Arts, Sciences, and Economics by Tönu Puu

Arts, Sciences, and Economics by Tönu Puu

Author:Tönu Puu
Language: eng
Format: epub
Publisher: Springer Berlin Heidelberg, Berlin, Heidelberg


5.6 Chaos and Predictability

A different blow to scientific megalomania came more recently from Chaos Theory, which pointed out severe restrictions to the possibilities for scientific prediction. Since ages we were accustomed to regard evolving systems as either simple, deterministic, and predictable, or else as complex, unknown, and stochastic.

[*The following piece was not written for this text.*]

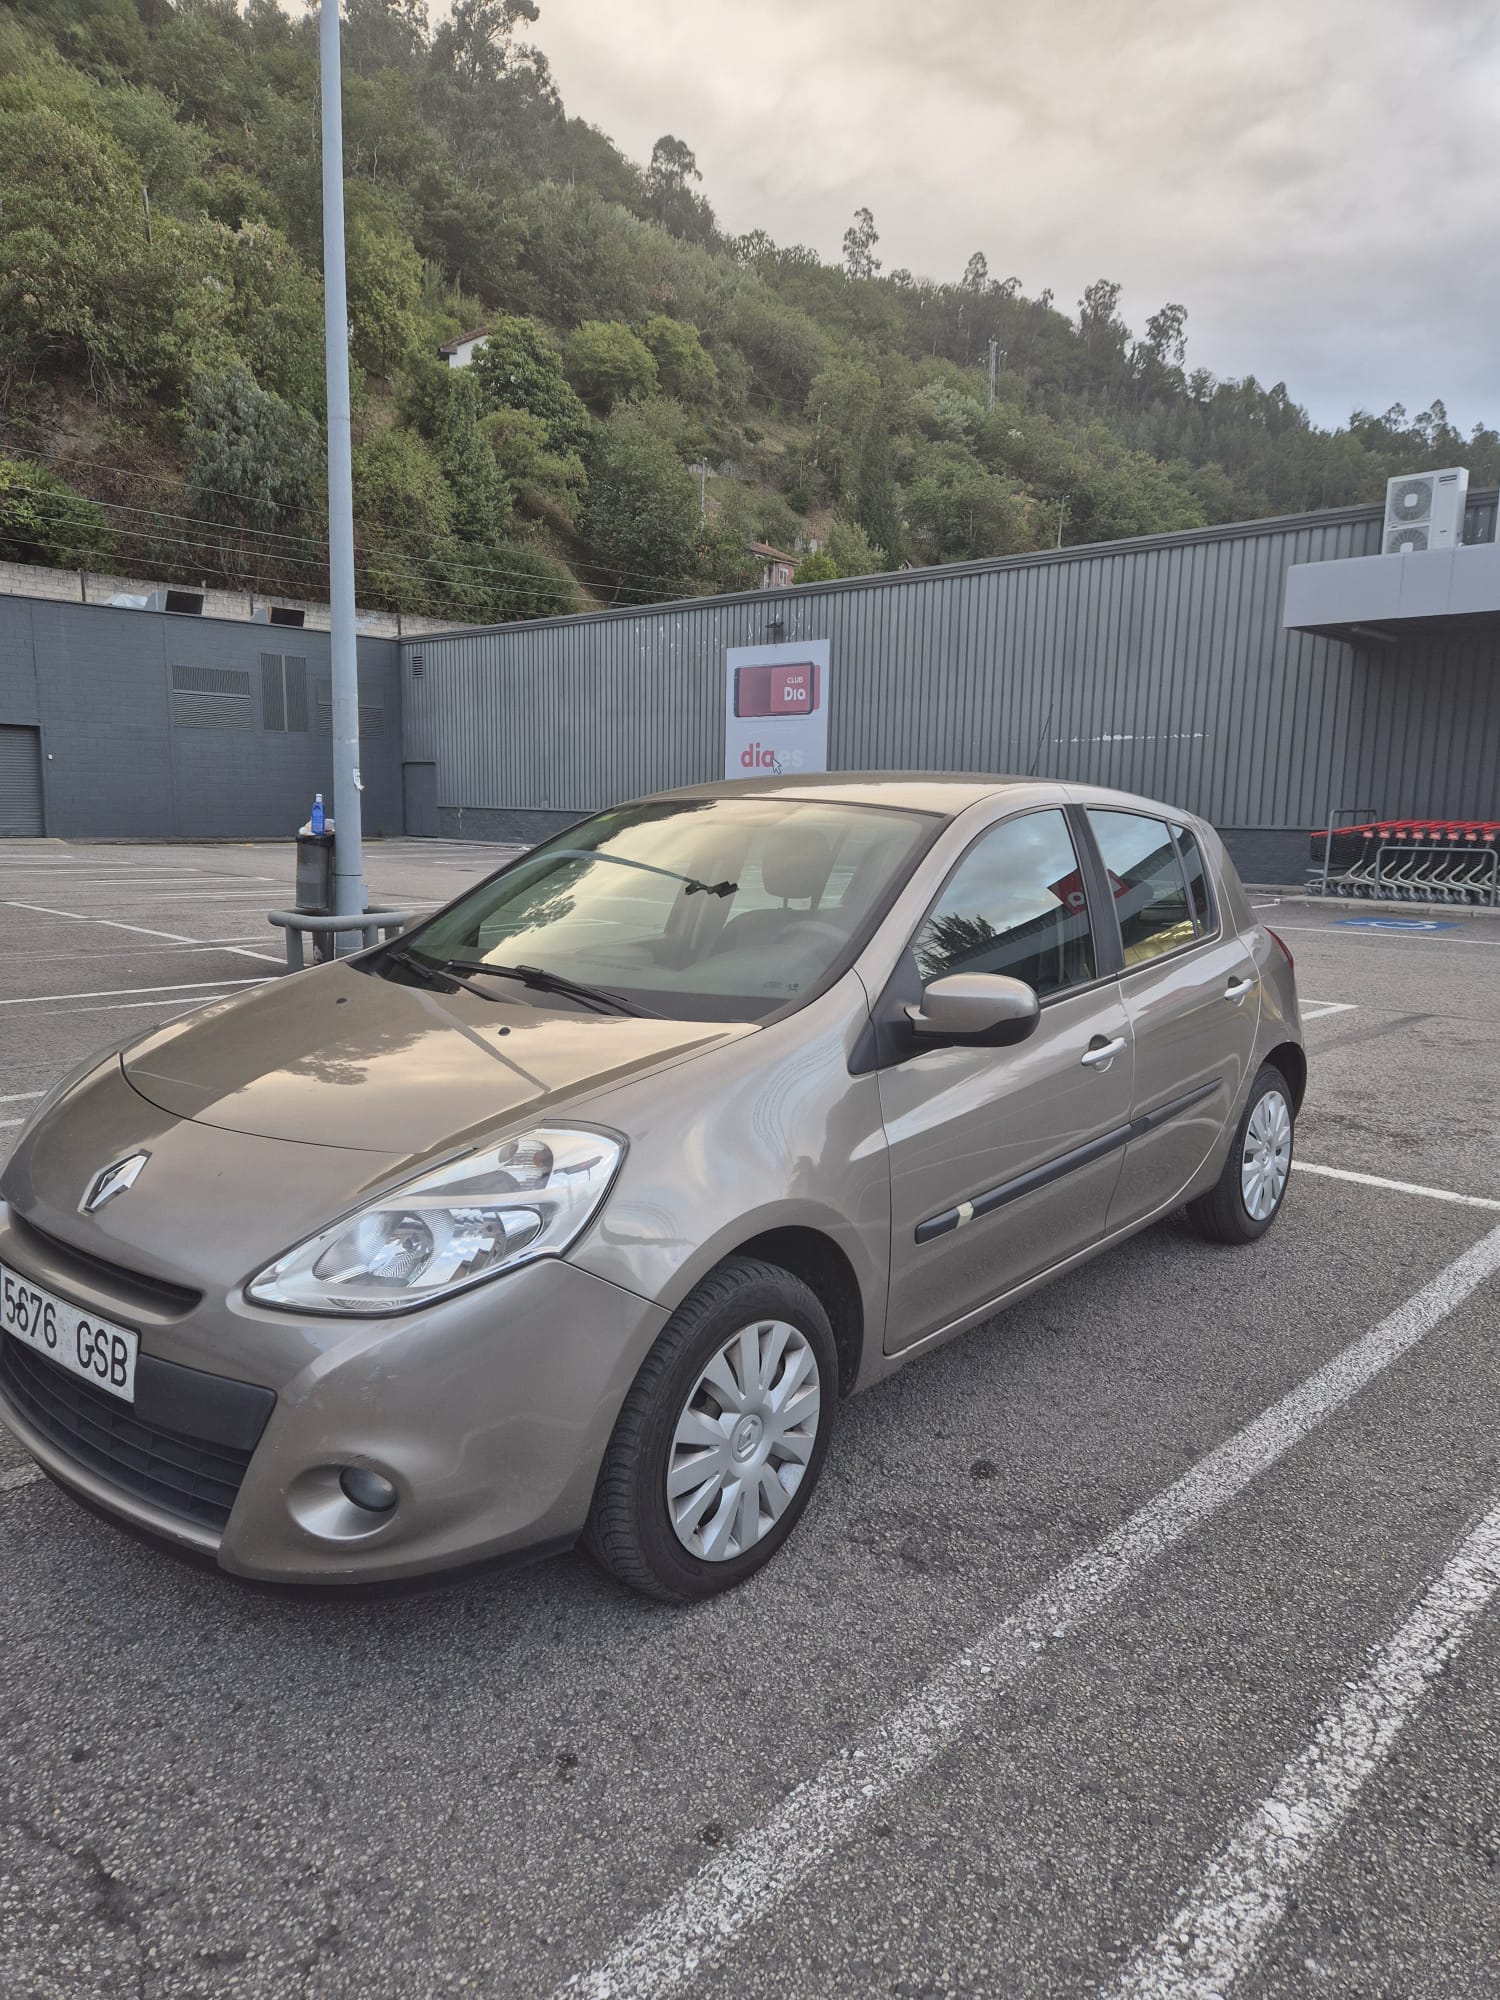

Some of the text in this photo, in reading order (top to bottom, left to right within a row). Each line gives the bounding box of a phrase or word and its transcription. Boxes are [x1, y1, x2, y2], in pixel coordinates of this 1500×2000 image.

[786, 676, 804, 684] CLUB
[4, 1276, 128, 1388] 5676 GSB

Determinism and prediction has formed the core of most of scientific reasoning, and Statistics, and its various application kits, Biometrics, Chemometrics, Econometrics, Pharmacometrics, Psychometrics, and Whatever-o-metrics, have provided increasingly sophisticated sets of tools aimed at providing the deterministic predictions with statistically safe limits of confidence.

The ideal of a predictable system was, of course, the solar system. Despite minor, hardly observed anomalies, such as the tumbling Saturn moon Hyperion, the movements of the heavenly bodies were so stable that it was possible to make predictions thousands of years ahead, or even back, to the benefit of historians wishing to date some past event narrated in contemporary chronicles where eclipses had been mentioned. Newton, who formulated the Law of Gravity in 1687, was even able to provide complete solutions for the movements of two interacting masses by means of his own newly invented infinitesimal calculus.